同実証では、知識創造理論「SECIモデル」にAIエージェントを活用した独自フレームワークを構築するという。具体的には、製造業における材料手配計画業務を対象に、SCM業務の熟練者とAIエージェントとの対話を通じて、需要予測や材料手配判断などのSCM業務における判断観点を形式知化することで、未熟練者の育成や組織全体での知識共有を支援するとしている。
同実証では、SCM計画の準備から実行・振り返りまでの業務サイクル全体を支援する複数のAIエージェントを活用し、それぞれ以下の機能の有効性を検証するという。

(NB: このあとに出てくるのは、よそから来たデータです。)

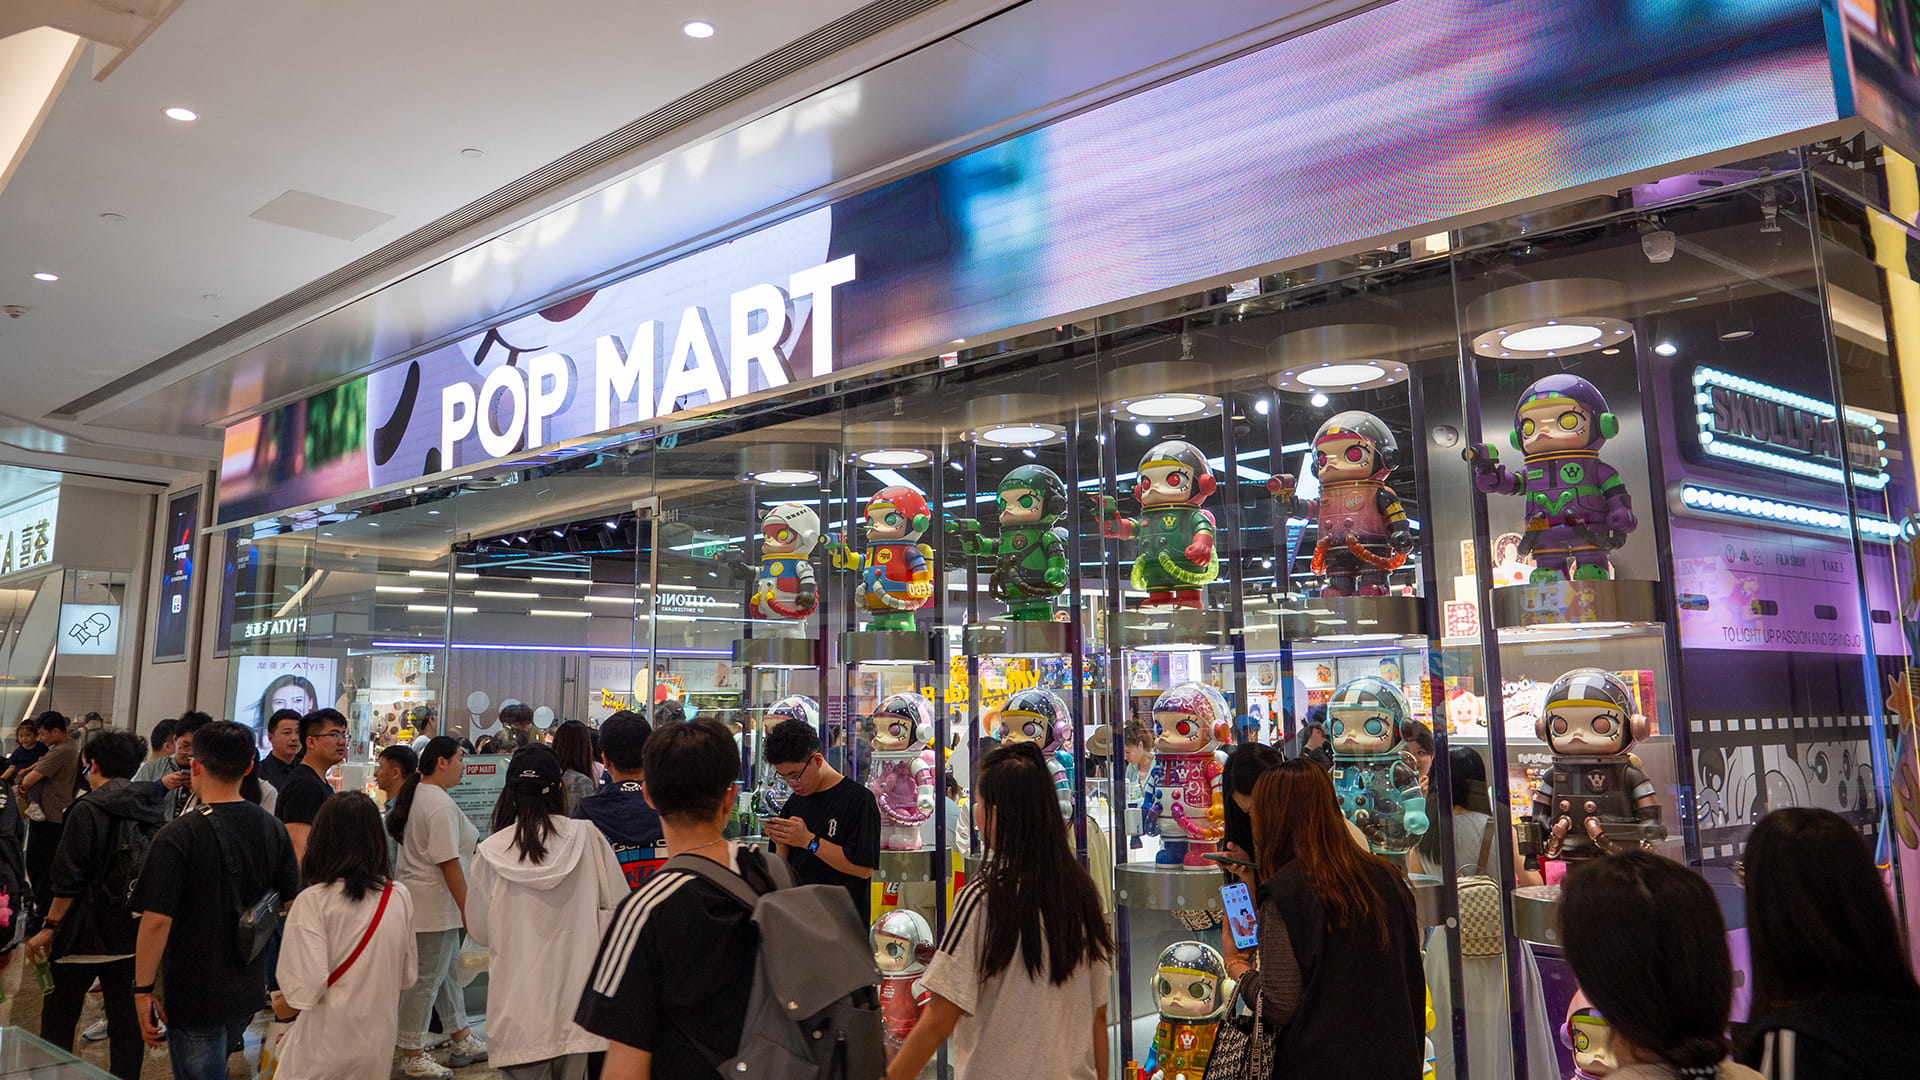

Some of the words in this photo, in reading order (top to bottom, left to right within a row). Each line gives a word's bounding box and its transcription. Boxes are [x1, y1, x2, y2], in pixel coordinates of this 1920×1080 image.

[441, 352, 577, 471] POP
[595, 254, 863, 432] MART
[1763, 629, 1775, 644] UP

- チューターAIエージェント:計画立案フェーズにおいて、前回計画からの変化点・留意事項・業務ルール・調整観点を提示。AIが答えを提示するのではなく、「どの観点で考えるべきか」を支援することで、未熟練者が自ら判断を深められるよう支援する
- インタビューAIエージェント:計画結果をスコアリングし、判断の質を可視化。業務の振り返りや記録、前提条件の確認、調整観点の見直しなどを熟練者・未熟練者と対話形式で実施。熟練者自身が言語化しきれていなかった判断理由や着眼点を引き出し、未熟練者が理解しやすい形に落とし込み、組織全体で共有可能なナレッジとして継続的に蓄積する
NTTデータはAIエージェント基盤の設計・実装を担い、フォーティエンスコンサルティングはSCM業務知見を活用した知識設計・業務設計を担当するという。同実証を通じて、両社はSCM領域における知識継承の高度化とAIを活用した次世代の知識創造型SCMの実現をめざすとのことだ。